Overview
FrameX is a plugin-first Python framework for teams that need service decomposition, multi-team parallel development, private implementation boundaries, and one consistent service surface across local plugins and upstream APIs.
It is designed for services that are growing beyond a single cohesive code path and need clearer capability boundaries without forcing teams to build a custom platform first.
Core capabilities:
- plugin registration and discovery
- FastAPI route generation from plugin methods
- internal plugin API calls
- optional Ray Serve execution
- built-in example and proxy plugins
- configuration from environment variables, TOML, and
pyproject.toml
What Problem It Solves
FrameX is most useful when multiple teams need to ship capabilities in parallel, call each other through stable service interfaces, and keep implementation details private so each team can work without understanding or depending on other teams’ codebases.
Use it when you need to:
- build service capabilities as plug-and-play modules
- let multiple engineers or teams ship in parallel with clearer ownership boundaries
- split a growing service into independently evolving capability units
- call other teams’ capabilities without depending on their codebases
- expose local plugins and upstream APIs behind one consistent service surface
- integrate third-party or internal HTTP services with minimal client-side changes
- start with simple local execution and scale to Ray when needed
- keep the system extensible as capabilities, teams, and traffic grow
Why FrameX Instead Of Plain FastAPI
Plain FastAPI is a good choice for a single cohesive application. FrameX is better when the real problem is not route handling, but service decomposition, team boundaries, and cross-service integration.

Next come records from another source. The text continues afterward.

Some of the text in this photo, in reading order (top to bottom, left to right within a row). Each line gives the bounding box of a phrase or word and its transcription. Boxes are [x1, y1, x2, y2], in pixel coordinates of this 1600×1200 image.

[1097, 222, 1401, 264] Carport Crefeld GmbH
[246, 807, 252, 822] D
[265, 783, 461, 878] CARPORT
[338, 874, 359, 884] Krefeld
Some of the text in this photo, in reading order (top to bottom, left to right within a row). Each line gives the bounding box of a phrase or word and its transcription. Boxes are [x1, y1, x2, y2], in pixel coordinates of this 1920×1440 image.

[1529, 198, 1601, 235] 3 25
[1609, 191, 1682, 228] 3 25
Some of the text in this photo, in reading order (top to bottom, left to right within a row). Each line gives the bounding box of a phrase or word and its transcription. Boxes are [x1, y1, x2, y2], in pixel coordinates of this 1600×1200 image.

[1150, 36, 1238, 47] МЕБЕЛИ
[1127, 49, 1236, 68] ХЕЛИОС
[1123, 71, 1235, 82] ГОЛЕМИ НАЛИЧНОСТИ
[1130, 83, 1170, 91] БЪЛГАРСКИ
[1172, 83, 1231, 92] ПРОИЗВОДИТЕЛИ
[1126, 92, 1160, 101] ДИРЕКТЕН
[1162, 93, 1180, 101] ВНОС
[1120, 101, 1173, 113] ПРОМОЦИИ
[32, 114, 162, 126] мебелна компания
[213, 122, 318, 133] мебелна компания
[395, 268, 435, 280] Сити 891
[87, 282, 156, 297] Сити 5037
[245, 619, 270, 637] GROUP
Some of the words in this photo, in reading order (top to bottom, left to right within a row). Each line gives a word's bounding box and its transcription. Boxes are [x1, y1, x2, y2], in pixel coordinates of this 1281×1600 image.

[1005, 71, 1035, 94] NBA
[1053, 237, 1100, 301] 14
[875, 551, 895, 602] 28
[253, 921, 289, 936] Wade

Compared with plain FastAPI, FrameX gives you:
- plugin boundaries for clearer ownership between capabilities and teams
- a better development model for plug-and-play modules and parallel delivery
- one consistent surface for local capabilities and upstream HTTP services
- internal callable APIs in addition to normal HTTP routes
- explicit dependency declarations between capabilities
- the ability to start locally and move to Ray-backed execution without rewriting plugin code
If you only need a small application with a stable route surface and one codebase, plain FastAPI is usually simpler.